§ About this task: Transcribe each entry below exactly. Pictures do not go in the copy.

------ Exercise inputs ------

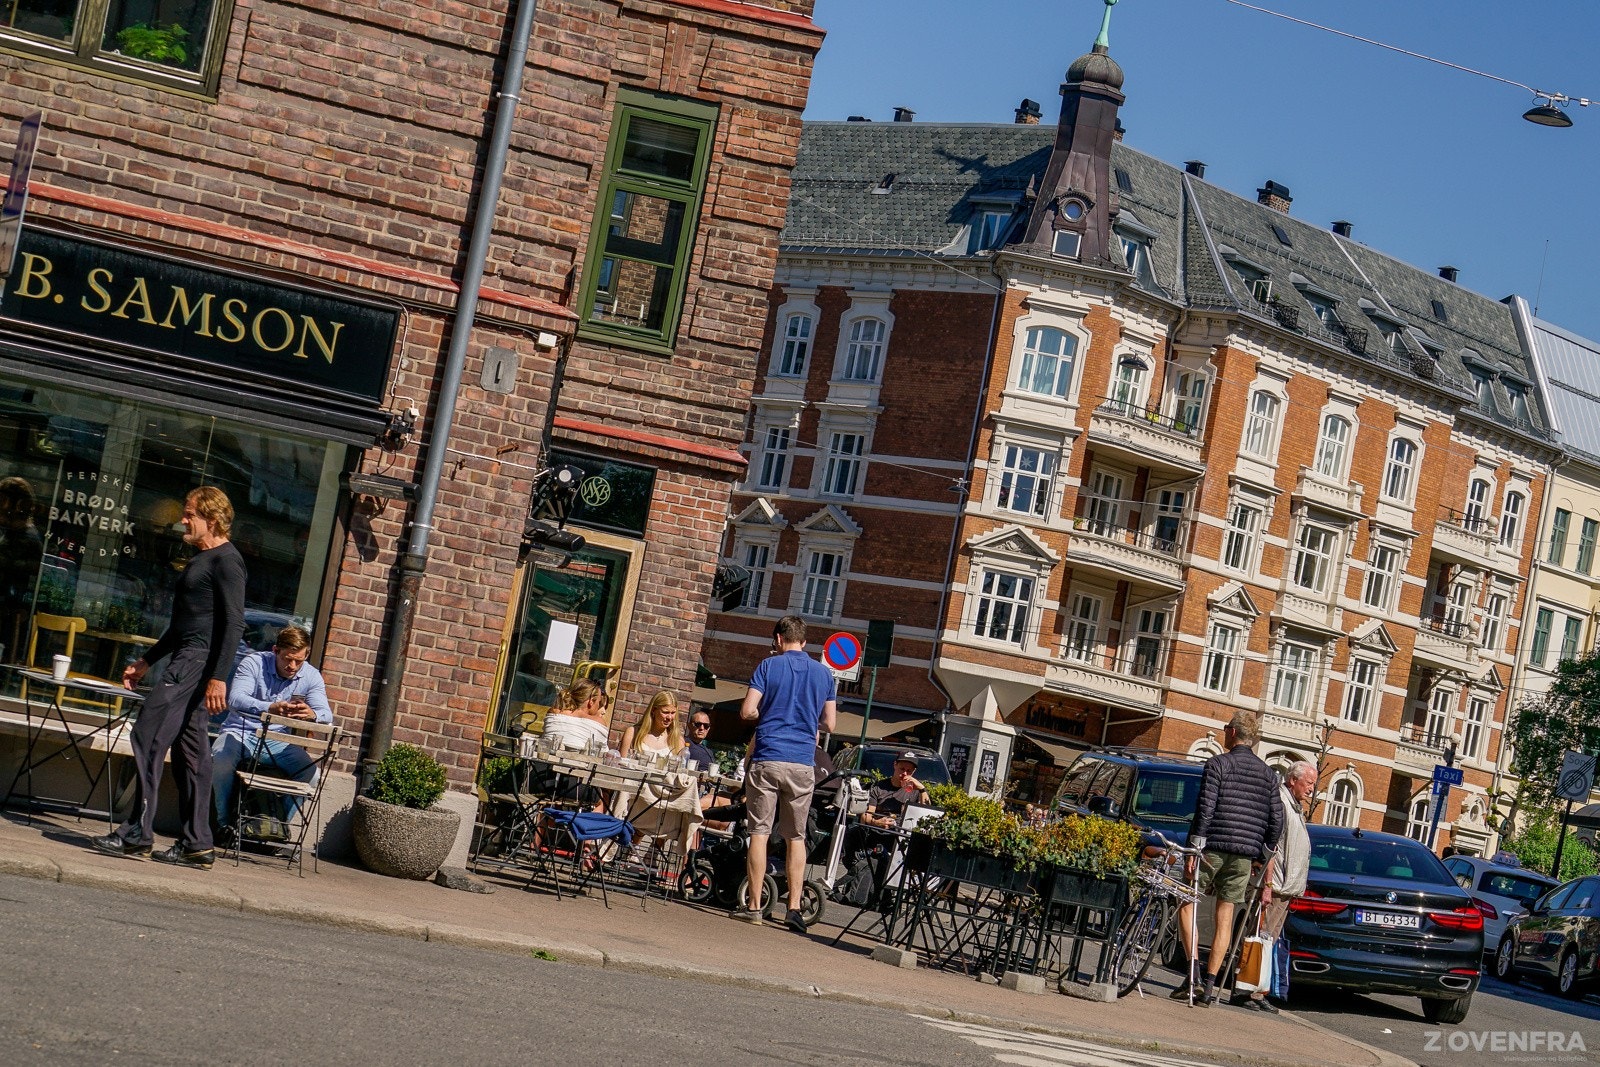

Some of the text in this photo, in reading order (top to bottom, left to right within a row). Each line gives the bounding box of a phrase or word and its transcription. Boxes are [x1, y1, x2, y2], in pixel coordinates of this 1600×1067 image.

[13, 251, 345, 365] B. SAMSON
[66, 471, 132, 492] FERSKE
[63, 488, 130, 515] BRØD &
[48, 506, 136, 537] BAKVERK
[44, 529, 131, 557] HVER DAG
[1567, 754, 1593, 769] Son
[1438, 768, 1459, 781] Taxi
[1365, 911, 1417, 927] BT 64334
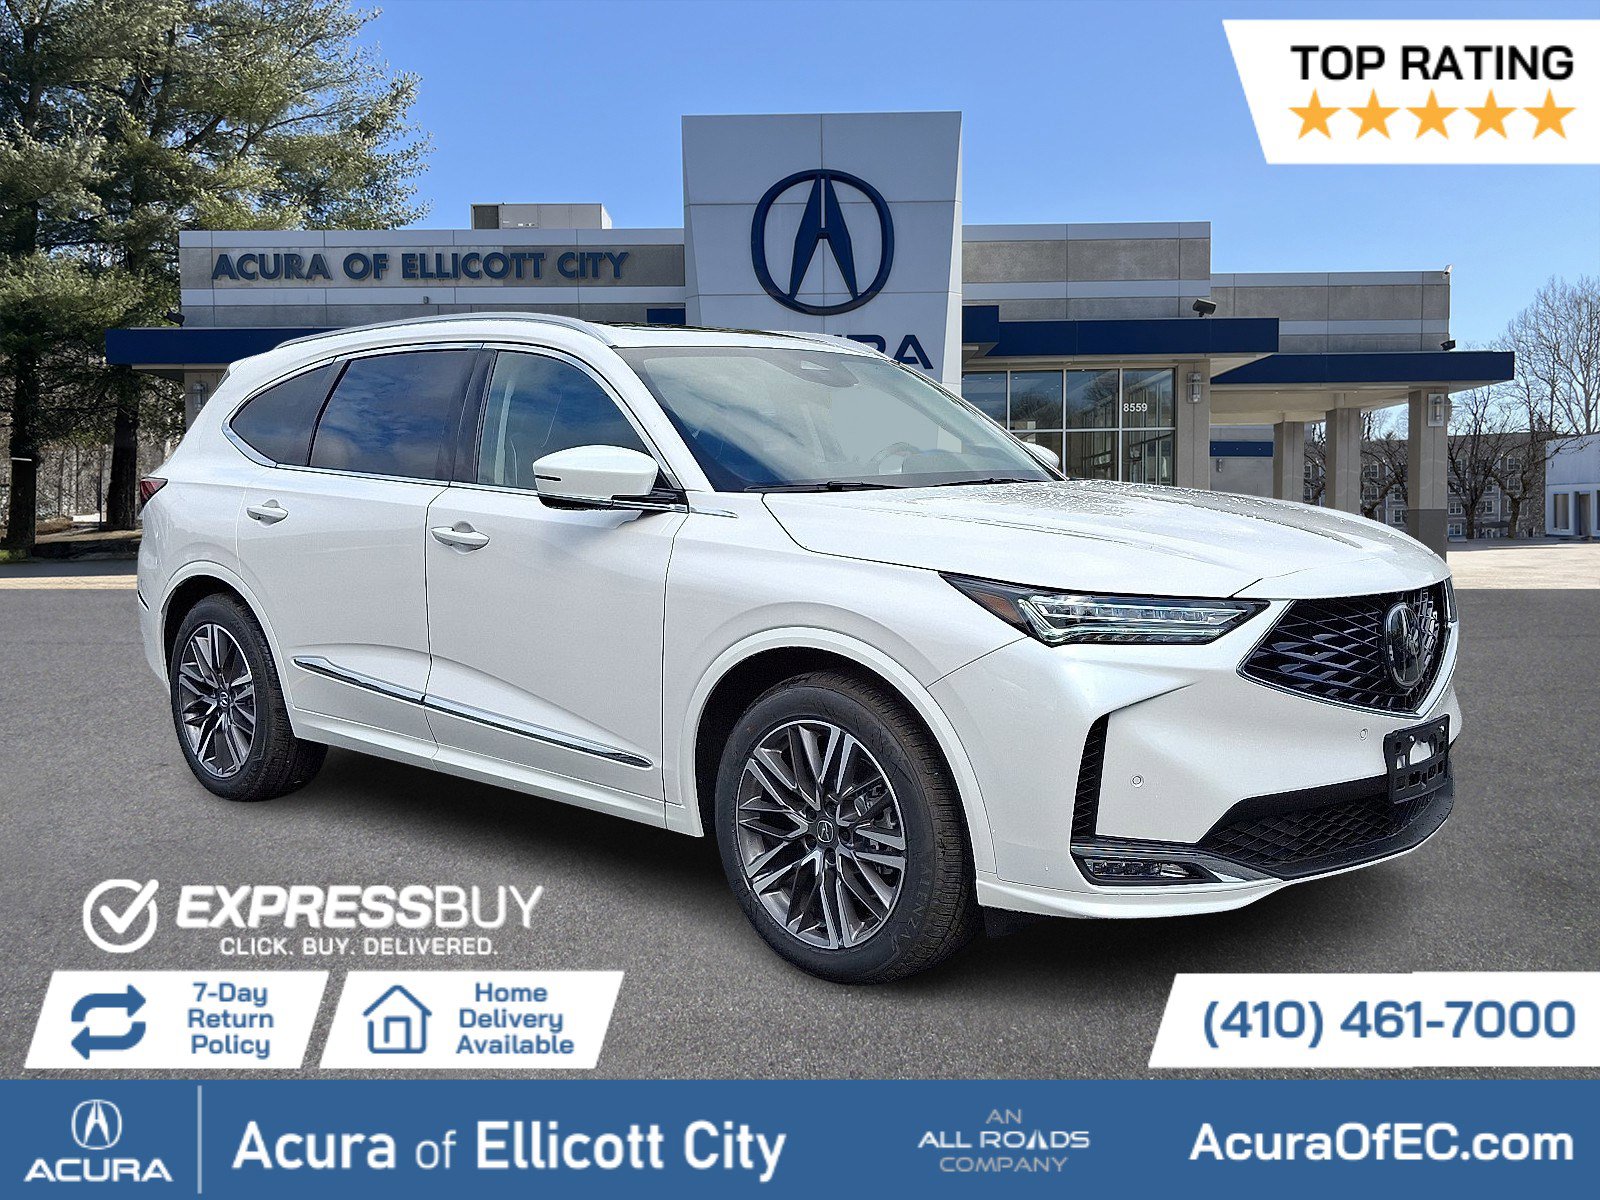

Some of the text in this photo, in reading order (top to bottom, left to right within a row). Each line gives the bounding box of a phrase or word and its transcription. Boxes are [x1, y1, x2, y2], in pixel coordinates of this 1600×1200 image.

[211, 251, 629, 281] ACURA OF ELLICOTT CITY
[1123, 402, 1148, 412] 8559

------

§ Response to this task:
Some of the text in this photo, in reading order (top to bottom, left to right within a row). Each line gives the bounding box of a phrase or word and its transcription. Boxes are [x1, y1, x2, y2], in pixel coordinates of this 1600×1067 image.

[13, 251, 345, 365] B. SAMSON
[66, 471, 132, 492] FERSKE
[63, 488, 130, 515] BRØD &
[48, 506, 136, 537] BAKVERK
[44, 529, 131, 557] HVER DAG
[1567, 754, 1593, 769] Son
[1438, 768, 1459, 781] Taxi
[1365, 911, 1417, 927] BT 64334

Some of the text in this photo, in reading order (top to bottom, left to right within a row). Each line gives the bounding box of a phrase or word and its transcription. Boxes are [x1, y1, x2, y2], in pixel coordinates of this 1600×1200 image.

[211, 251, 629, 281] ACURA OF ELLICOTT CITY
[1123, 402, 1148, 412] 8559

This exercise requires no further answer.